──────── Material to process ────────

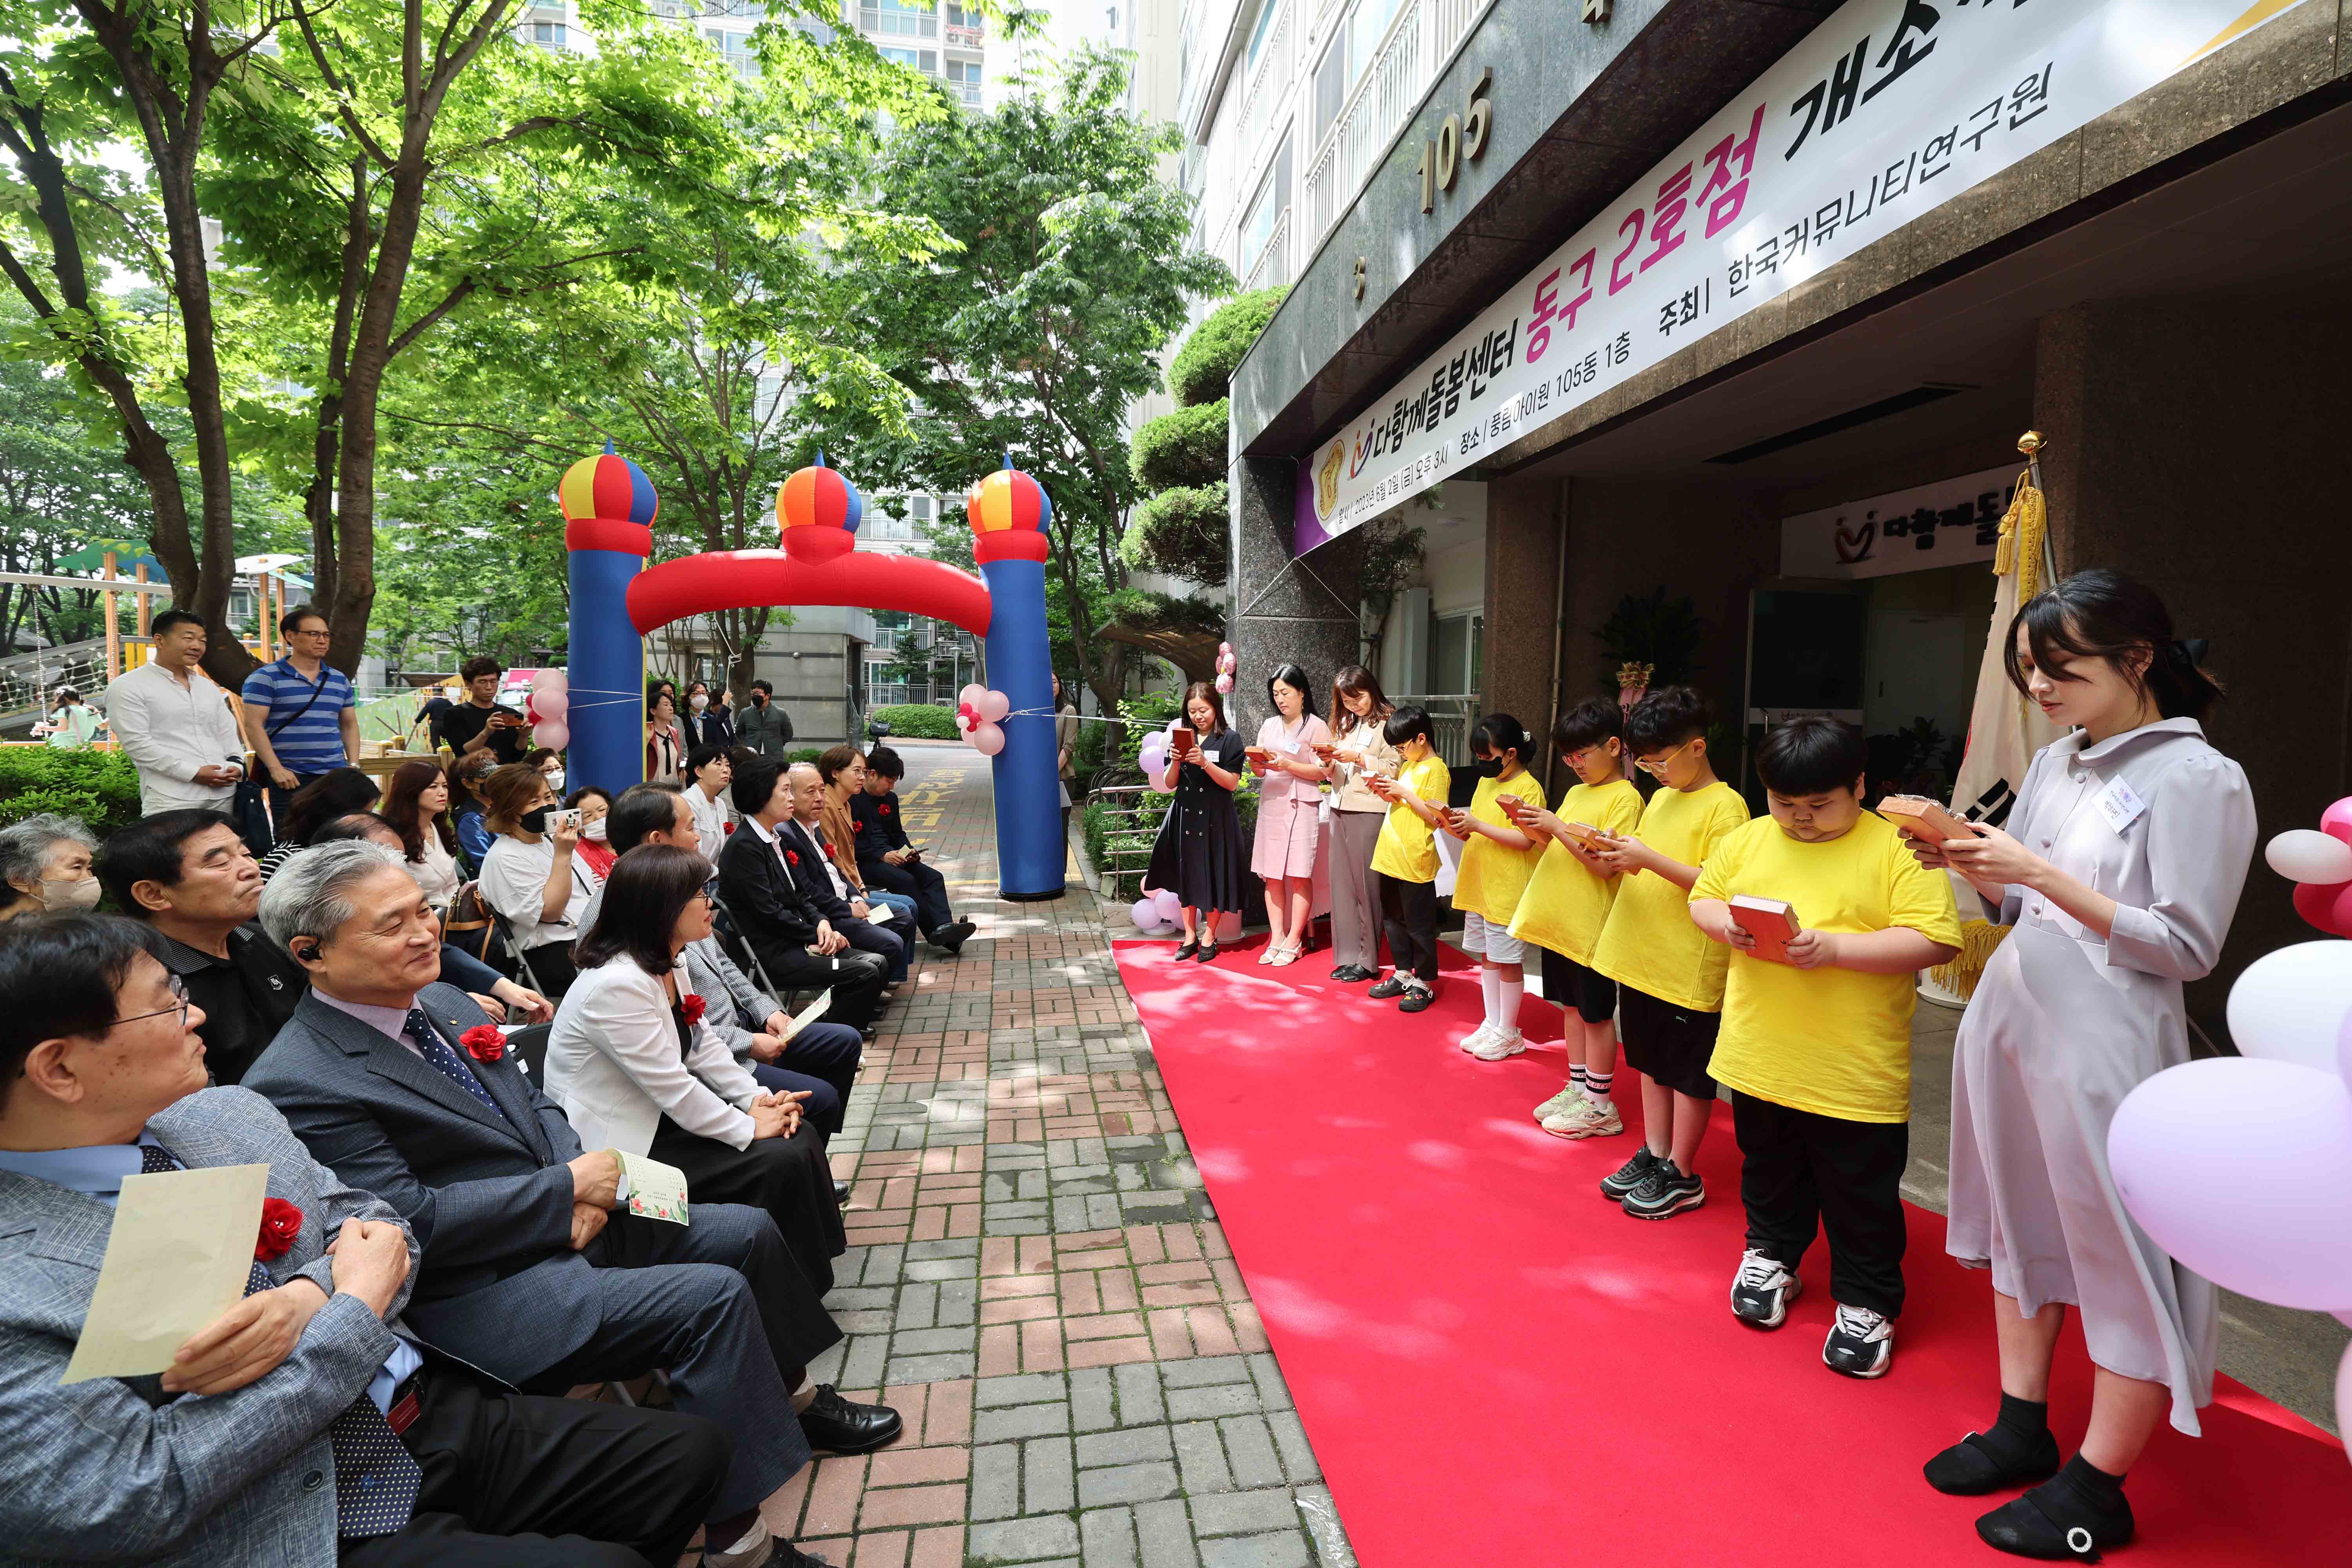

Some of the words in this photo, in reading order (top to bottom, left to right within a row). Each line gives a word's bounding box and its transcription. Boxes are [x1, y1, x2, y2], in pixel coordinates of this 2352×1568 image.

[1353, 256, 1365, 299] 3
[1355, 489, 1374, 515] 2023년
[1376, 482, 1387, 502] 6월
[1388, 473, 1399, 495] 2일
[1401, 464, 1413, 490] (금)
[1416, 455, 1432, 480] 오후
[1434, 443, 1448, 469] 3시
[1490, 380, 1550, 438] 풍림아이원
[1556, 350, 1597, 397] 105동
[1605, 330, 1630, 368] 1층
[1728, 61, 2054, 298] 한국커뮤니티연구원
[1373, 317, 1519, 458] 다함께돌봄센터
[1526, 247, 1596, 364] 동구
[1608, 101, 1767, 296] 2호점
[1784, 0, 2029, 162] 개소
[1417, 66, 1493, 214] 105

────────

◆ Work instructions ◆
An exact copy of the entries, without any pictures, is what the answer should be.

◆ Problem solution ◆
Some of the words in this photo, in reading order (top to bottom, left to right within a row). Each line gives a word's bounding box and its transcription. Boxes are [x1, y1, x2, y2], in pixel coordinates of this 2352×1568 image.

[1353, 256, 1365, 299] 3
[1355, 489, 1374, 515] 2023년
[1376, 482, 1387, 502] 6월
[1388, 473, 1399, 495] 2일
[1401, 464, 1413, 490] (금)
[1416, 455, 1432, 480] 오후
[1434, 443, 1448, 469] 3시
[1490, 380, 1550, 438] 풍림아이원
[1556, 350, 1597, 397] 105동
[1605, 330, 1630, 368] 1층
[1728, 61, 2054, 298] 한국커뮤니티연구원
[1373, 317, 1519, 458] 다함께돌봄센터
[1526, 247, 1596, 364] 동구
[1608, 101, 1767, 296] 2호점
[1784, 0, 2029, 162] 개소
[1417, 66, 1493, 214] 105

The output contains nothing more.